Proleukin in Combination With Rituxan in Patients With Low-Grade Non-Hodgkin's Lymphoma Who Have Previously Failed Rituxan Treatments

Status:
Completed

Trial end date:
1969-12-31

Target enrollment:
0

Participant gender:
All

Summary

The purpose of this study is to determine the safety and effectiveness of combination therapy with Proleukin and Rituxan on patients with low-grade Non-Hodgkin's Lymphoma who have previously failed Rituxan treatments.

Phase:

Phase 2/Phase 3

Accepts Healthy Volunteers?

Details

Lead Sponsor:

Chiron Corporation

Treatments:

Aldesleukin
Interleukin-2
Rituximab

Criteria

Diagnosis and disease status:

- Subjects with CD20+, B-cell, Non-Hodgkin's lymphoma of low-grade or follicular
histology with measurable relapsed or unresponsive disease after prior therapy; mantle
cell and chronic lymphocytic leukemia subtypes are excluded.

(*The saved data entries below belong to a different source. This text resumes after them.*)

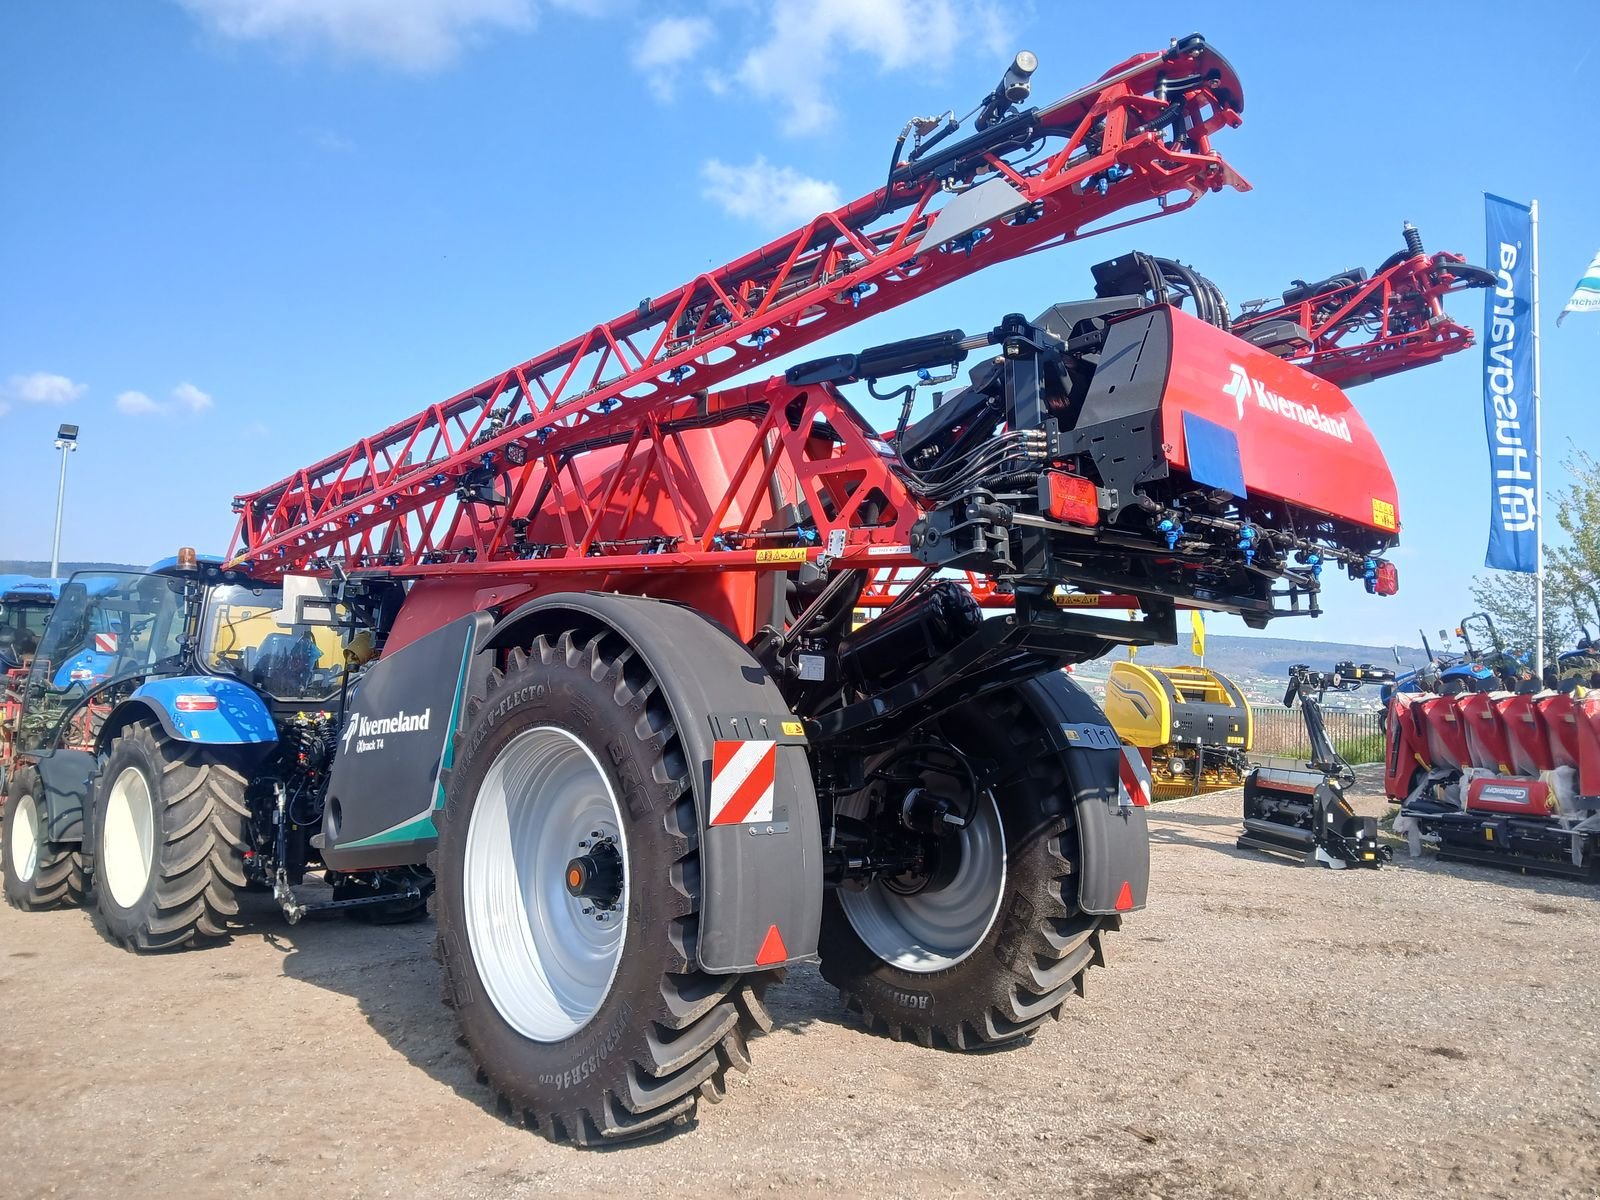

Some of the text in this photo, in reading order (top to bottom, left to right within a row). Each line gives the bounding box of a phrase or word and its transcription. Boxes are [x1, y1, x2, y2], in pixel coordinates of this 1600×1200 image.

[1251, 378, 1353, 443] Kverneland
[358, 707, 431, 737] Kverneland
[488, 684, 545, 727] V-FLECTO
[376, 738, 384, 750] T4
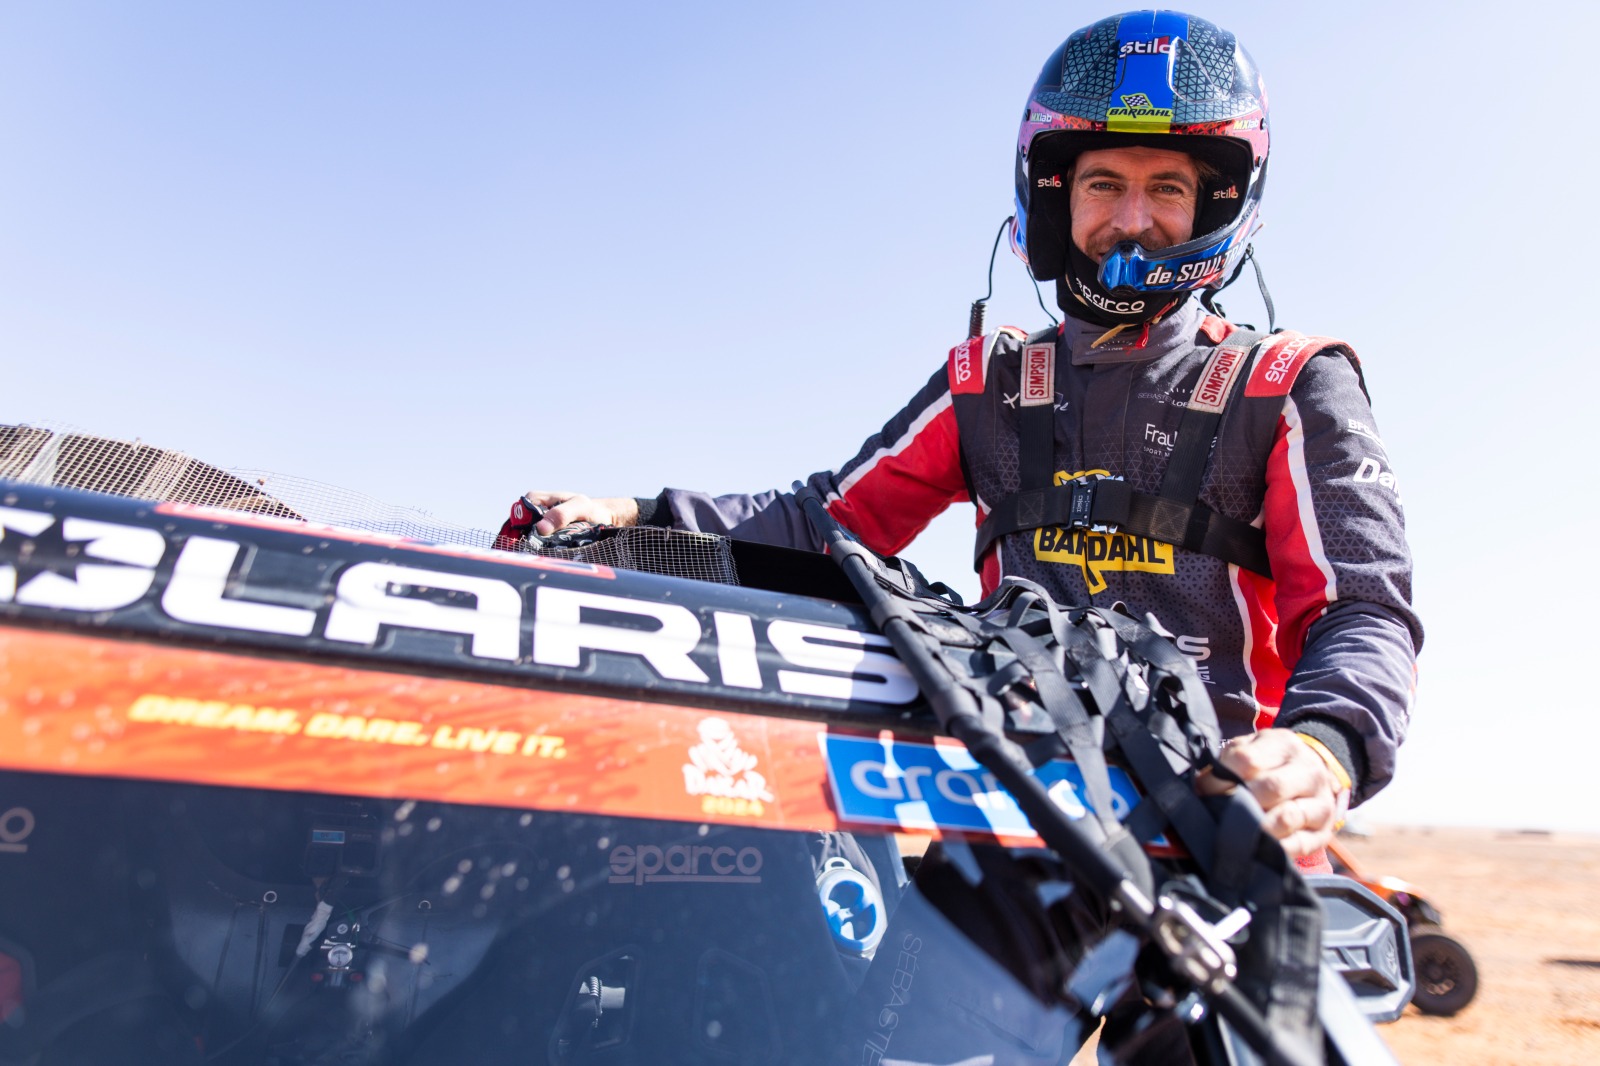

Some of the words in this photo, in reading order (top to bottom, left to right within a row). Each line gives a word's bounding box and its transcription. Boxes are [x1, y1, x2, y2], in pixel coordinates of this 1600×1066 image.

[1109, 107, 1171, 119] BARDAHL
[1037, 175, 1062, 188] stilo
[1212, 186, 1239, 199] stilo
[1146, 266, 1172, 285] de
[1029, 350, 1046, 397] SIMPSON
[1201, 351, 1237, 404] SIMPSON
[1038, 526, 1166, 580] BARDAHL
[432, 725, 521, 754] LIVE
[608, 845, 764, 886] sparco
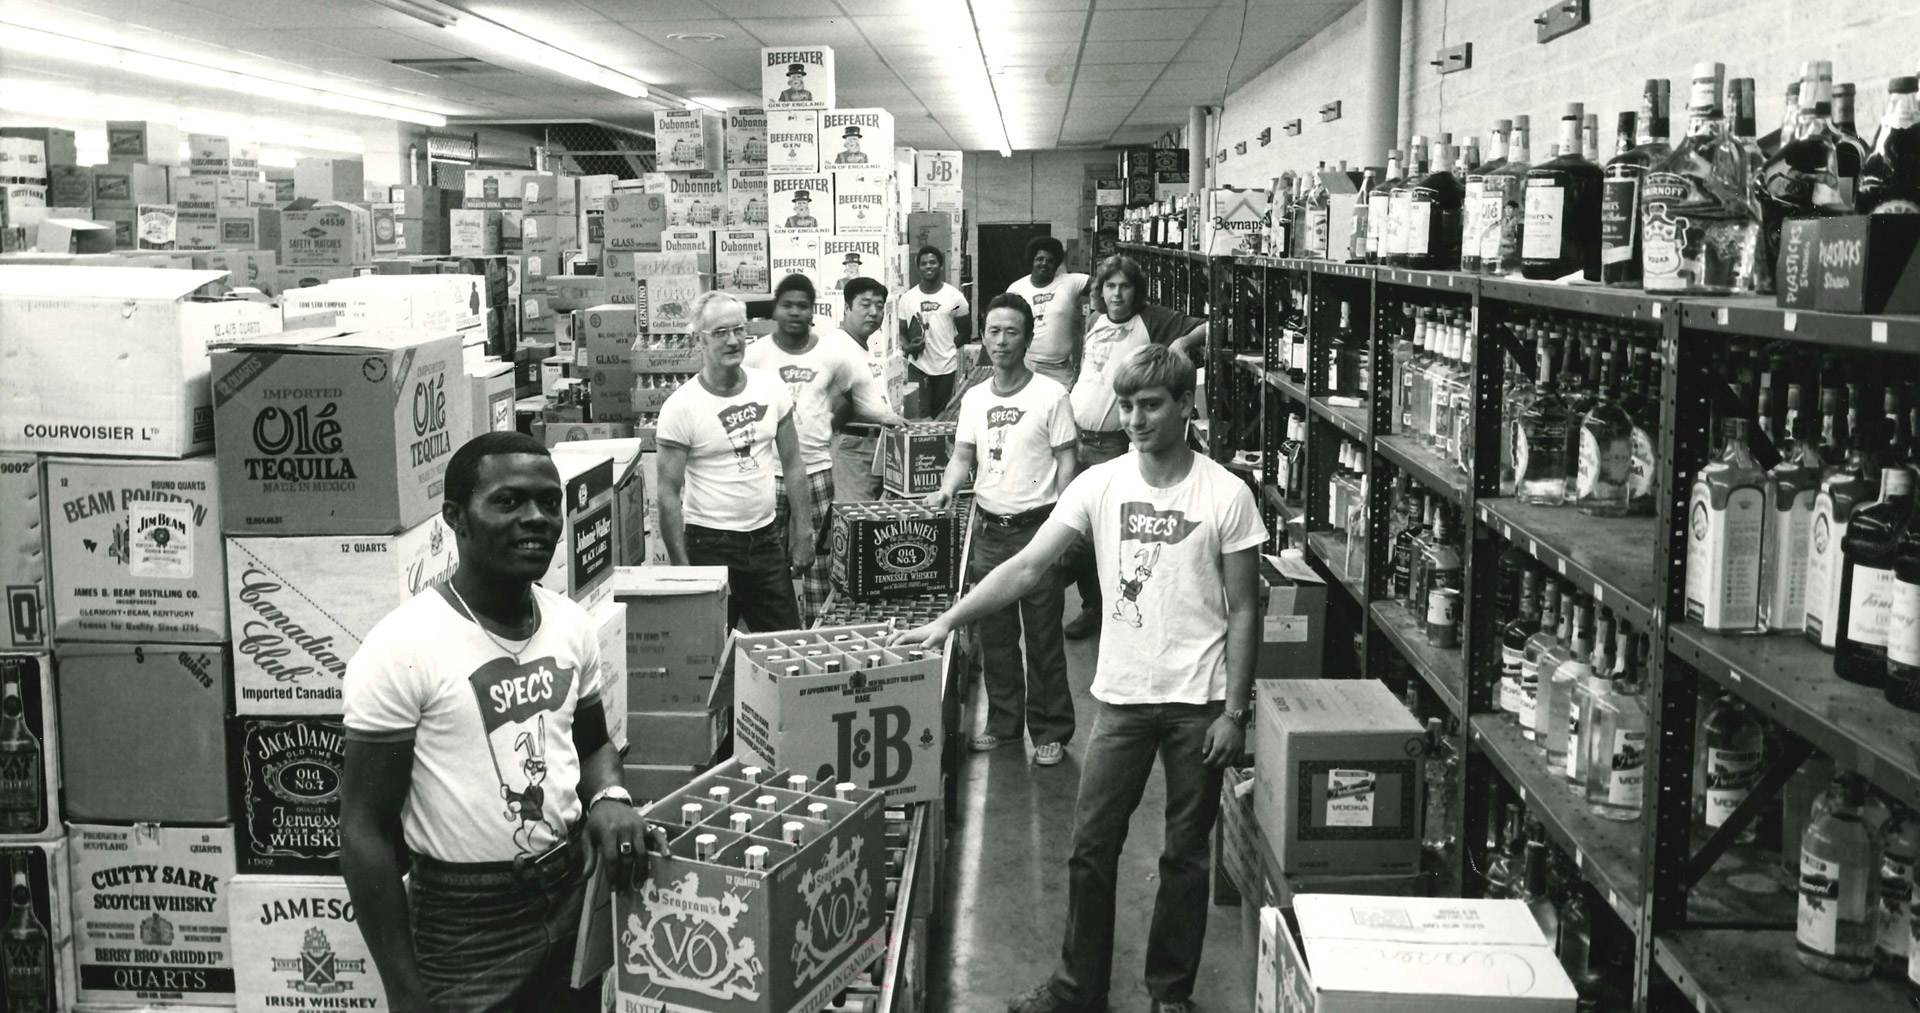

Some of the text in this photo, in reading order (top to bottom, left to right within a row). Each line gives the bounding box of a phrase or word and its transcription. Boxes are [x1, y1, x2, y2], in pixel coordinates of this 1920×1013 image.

[767, 51, 824, 67] BEEFEATER
[659, 119, 699, 130] Dubonnet
[732, 116, 767, 128] Dubonne
[824, 114, 880, 129] BEEFEATER
[770, 133, 814, 144] BEEFEATER
[927, 161, 952, 181] J&B
[671, 179, 722, 193] Dubonnet
[732, 178, 768, 189] Dubonne
[773, 178, 829, 194] BEEFEATER
[1644, 186, 1684, 196] IRNOFF
[839, 195, 882, 205] BEEFEATER
[1213, 216, 1264, 234] Bevnaps
[289, 239, 342, 248] SAFETY MATCHES
[611, 239, 634, 247] GLASS
[666, 240, 706, 250] Dubonnet
[721, 241, 763, 252] Dubonnet
[824, 242, 880, 256] BEEFEATER
[773, 259, 816, 271] BEEFEATER
[611, 295, 634, 303] GLASS
[640, 285, 648, 327] GENUINO
[596, 355, 620, 364] GLASS
[784, 369, 814, 380] SPEC'S
[263, 388, 343, 399] IMPORTED
[413, 372, 445, 437] Olé
[726, 404, 757, 427] SPEC'S
[991, 410, 1019, 423] SPEC'S
[24, 424, 134, 440] COURVOISIER
[253, 402, 343, 455] Olé
[411, 431, 451, 468] TEQUILA
[244, 458, 358, 482] TEQUILA
[60, 478, 68, 487] 12
[152, 481, 206, 490] ROUND QUARTS
[913, 473, 937, 486] WILD
[263, 482, 355, 492] MADE IN MEXICO
[63, 490, 116, 523] BEAM
[137, 513, 186, 535] JIM BEAM
[1128, 514, 1177, 536] SPEC'S
[874, 520, 939, 546] JACK DANIEL'S
[341, 543, 387, 553] 12 QUARTS
[582, 540, 607, 565] BLACK LABEL
[898, 548, 915, 557] Old
[875, 571, 938, 583] TENNESSEE WHISKEY
[74, 588, 200, 599] JAMES B. BEAM DISTILLING CO.
[12, 593, 38, 641] Q
[153, 610, 194, 618] KENTUCKY
[79, 622, 106, 630] Famous
[110, 622, 122, 630] for
[158, 623, 178, 631] Since
[135, 646, 144, 664] S
[197, 653, 211, 669] 12
[178, 651, 213, 688] QUARTS
[242, 686, 342, 700] Imported Canadia
[490, 666, 553, 713] SPEC'S
[855, 694, 871, 704] RARE
[258, 723, 346, 760] JACK DANIE
[816, 705, 912, 789] J&B
[286, 749, 331, 758] OLD TIME
[297, 768, 320, 779] Old
[295, 780, 324, 790] No.7
[1332, 804, 1369, 812] VODKA
[272, 806, 340, 828] Tenness
[83, 842, 128, 850] SCOTLAND
[270, 834, 340, 847] WHISK
[190, 845, 222, 853] QUARTS
[91, 865, 219, 894] CUTTY SARK
[734, 876, 760, 889] QUARTS
[94, 894, 217, 912] SCOTCH WHISKY
[662, 892, 717, 915] Seagram's
[260, 898, 356, 925] JAMESO
[817, 893, 850, 942] VO
[661, 921, 718, 977] VO
[95, 948, 132, 962] BERRY
[171, 951, 206, 964] RUDD
[114, 970, 206, 989] QUARTS
[265, 996, 377, 1008] IRISH WHISKEY
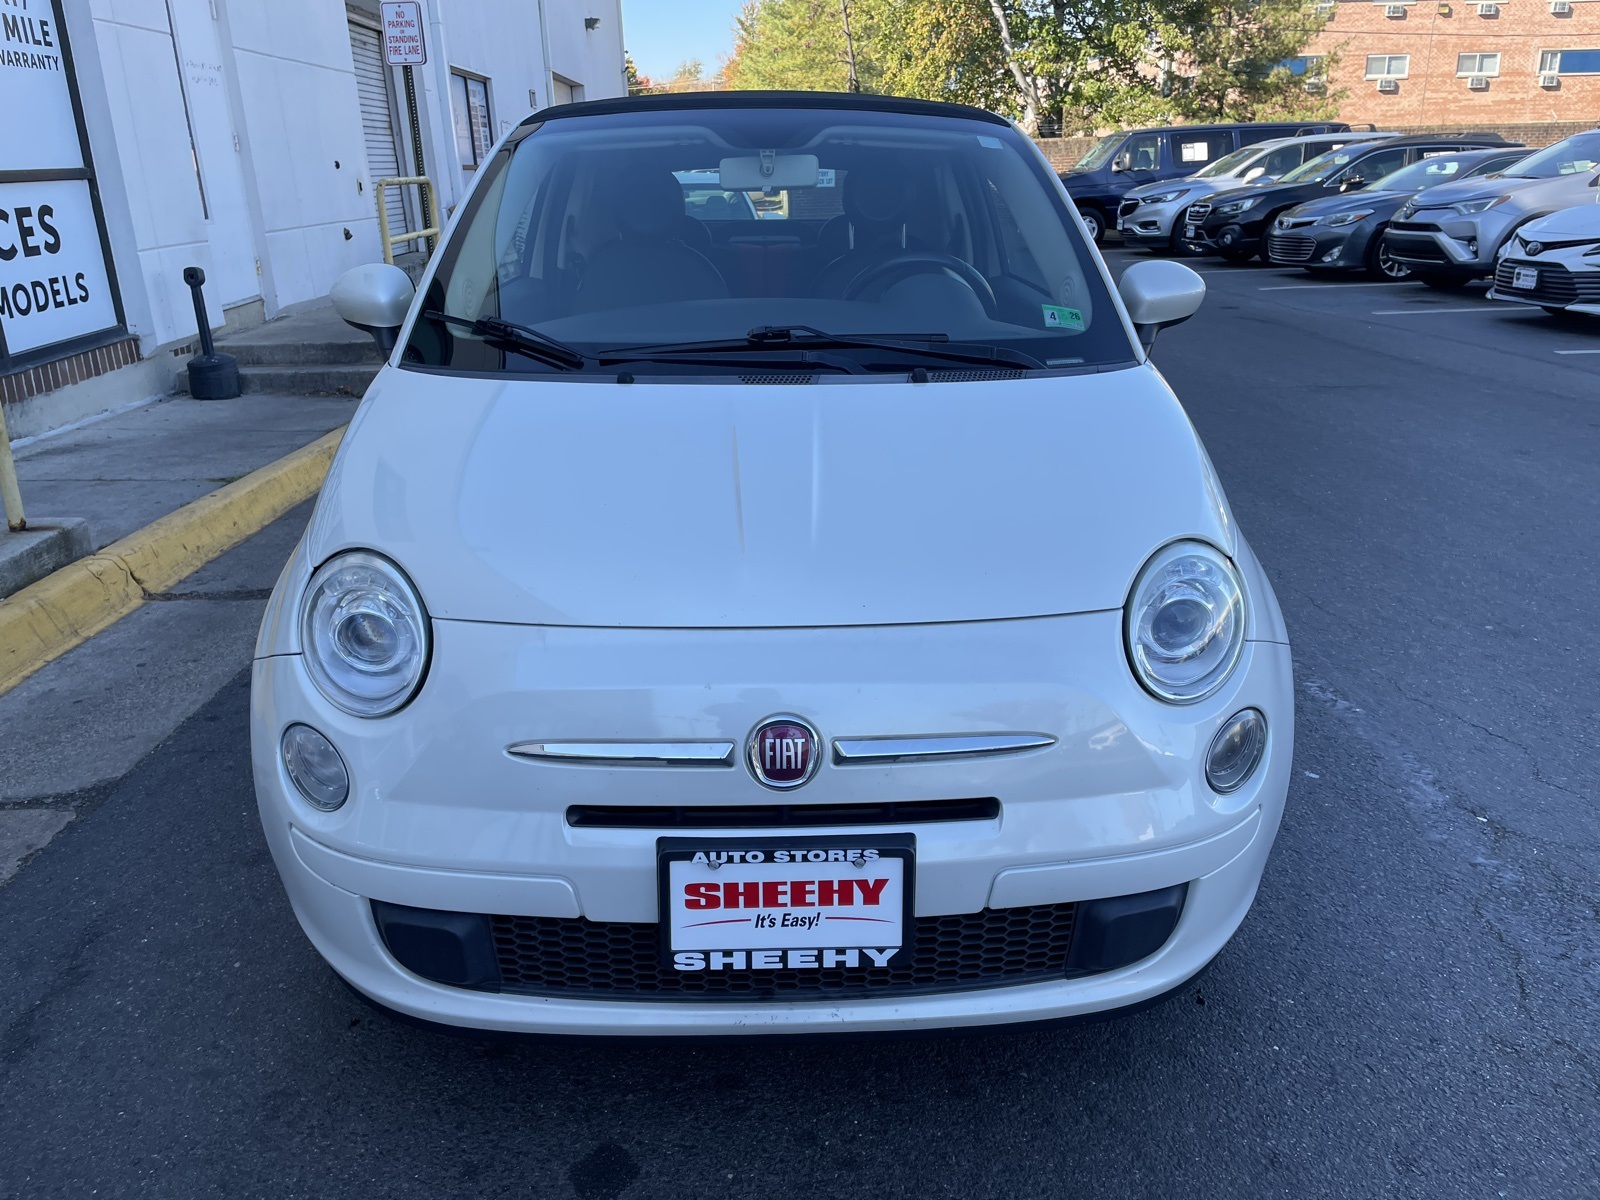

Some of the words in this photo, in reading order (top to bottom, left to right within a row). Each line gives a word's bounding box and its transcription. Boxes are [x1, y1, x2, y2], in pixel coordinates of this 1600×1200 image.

- Subjects who previously received a single-agent course of rituximab and showed no
tumor response, or had a response lasting < 6 months. The previously administered
rituximab must have included at least 75% of the standard 4-week regimen (4 x 375
mg/m2). A record of the previous rituximab treatment and response must be available as
a source document at the site.

Exclusion:

- Subjects who showed no tumor response or a response lasting <6 months to treatment
with Rituximab in combination with Chemotherapy or another therapeutic modality
(radiation or radioimmunoconjugates).

- HIV positive.

- Symptomatic thyroid disease requiring medical intervention other than replacement
treatment for hypothyroidism.

- Clinically significant cardiac, pulmonary, and /or hepatic dysfunction (if subject has
history of congestive heart failure or myocardial infarction, must have been stable
for at least 6 months, and have no current symptoms

- If cardiac ejection fraction has been measured, it must be greater than 50%.